MONTRÉAL – Si nous sommes tous conscients de l’importance de bien manger, chez certains cela finit par prendre la forme d’une véritable obsession qui commence à retenir l’attention des experts des troubles alimentaires.

L’orthorexie, comme on l’appelle parfois, « n’est pas un terme diagnostic officiel. On parle plutôt d’un trouble d’évitement et restriction de la gestion d’aliments », a expliqué Howard Steiger, qui est le chef du Continuum des troubles de l’alimentation de l’Institut universitaire Douglas.

Le quotidien britannique The Guardian racontait récemment l’histoire de l’écrivaine Scarlett Thomas, qui confie alterner d’un régime à l’autre depuis 20 ans, constamment à la recherche de LA bonne alimentation – un objectif qu’elle continue à pourchasser, même si elle sait très bien qu’elle ne l’atteindra jamais.
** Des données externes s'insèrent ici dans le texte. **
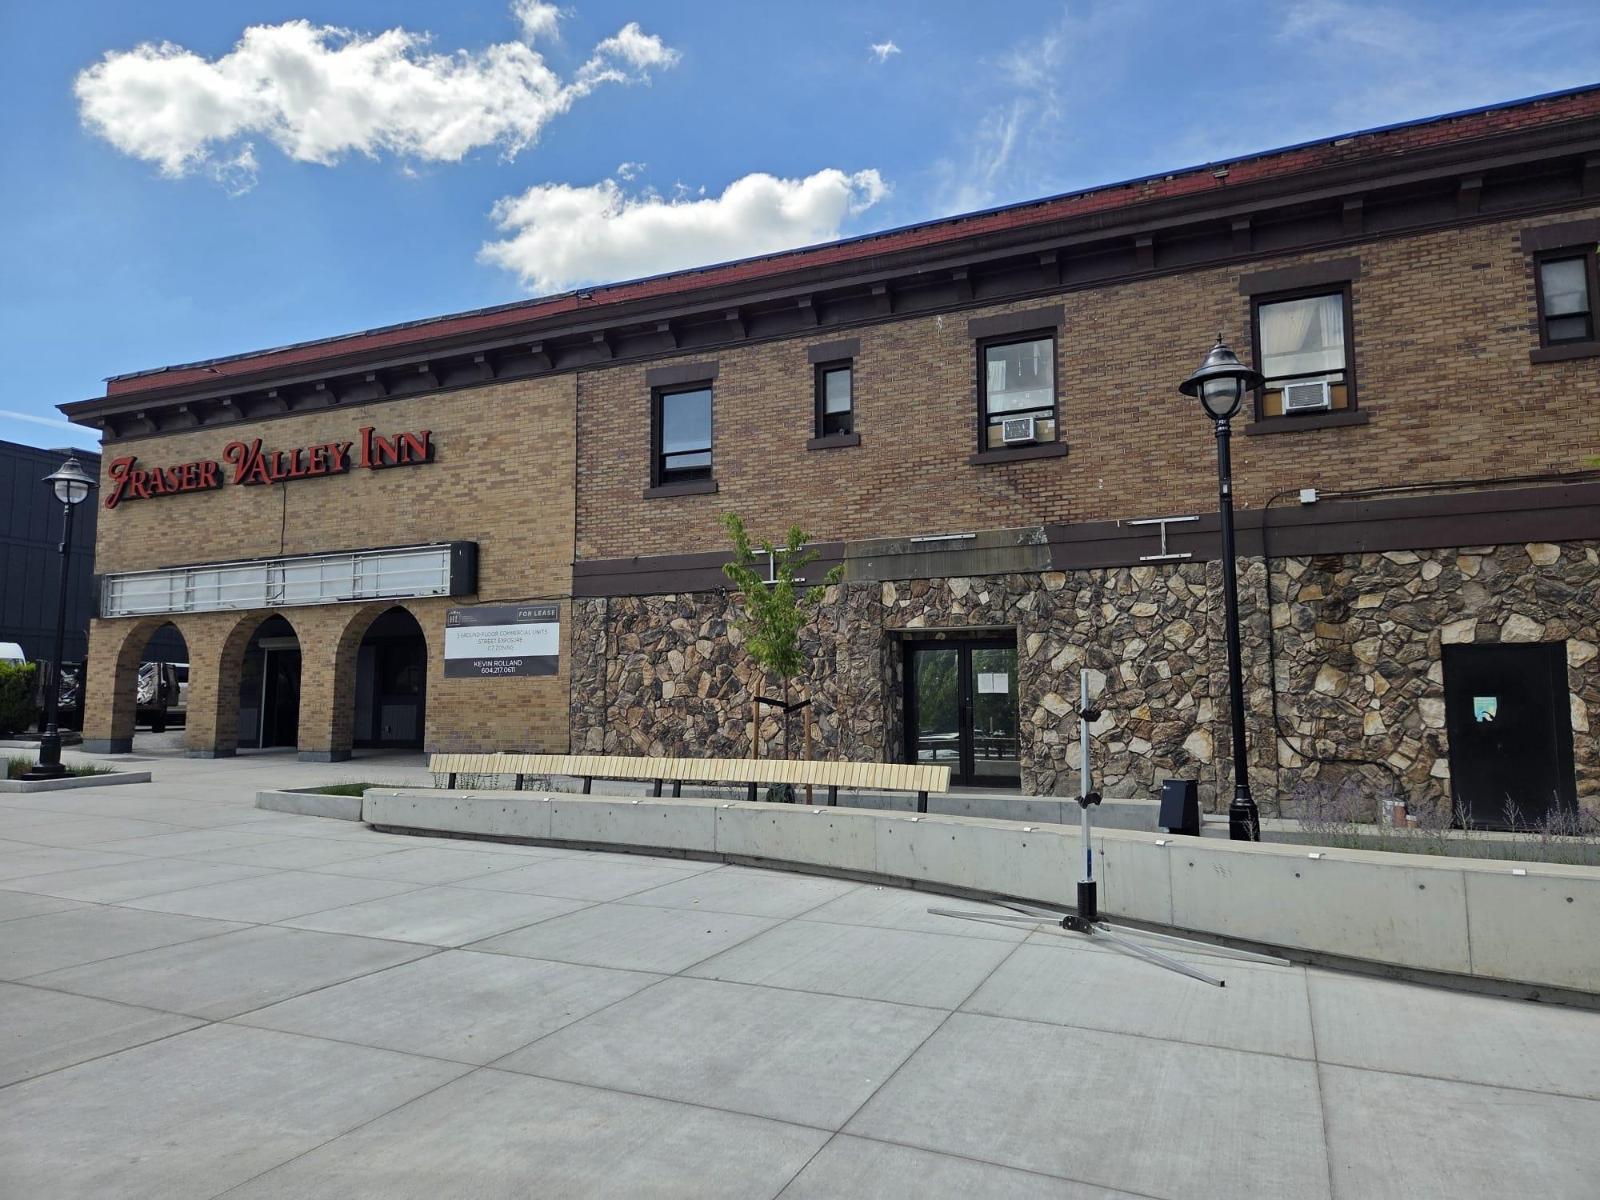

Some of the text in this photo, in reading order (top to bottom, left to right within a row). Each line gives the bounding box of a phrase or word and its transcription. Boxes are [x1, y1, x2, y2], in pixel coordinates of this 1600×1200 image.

L’alimentation de Mme Thomas est régie par une centaine de règles, et l’auteure empile chez elle des dizaines de livres consacrés à différents régimes alimentaires : quand elle se sent particulièrement stressée, elle relit ses « préférés », une habitude qu’elle compare elle-même à la consommation de pornographie.

« Les troubles de l’alimentation sont intéressants en ce sens qu’ils représentent les valeurs culturelles positives poussées à un extrême nocif, a dit M. Steiger. Dans l’anorexie nerveuse, on dit qu’on ne doit pas devenir obèse, on doit porter attention à son poids, on doit maintenir un niveau d’activité approprié… Mais la personne applique ces concepts tellement fort qu’elle se rend dénutrie. Dans le même sens, une personne qui a l’orthorexie va appliquer les bons conseils de faire attention, de ne pas manger trop de choses avec des additifs chimiques, ou essayer de manger des choses plus saines, mais c’est poussé tellement à l’extrême qu’on devient incapable de choisir n’importe quel aliment. »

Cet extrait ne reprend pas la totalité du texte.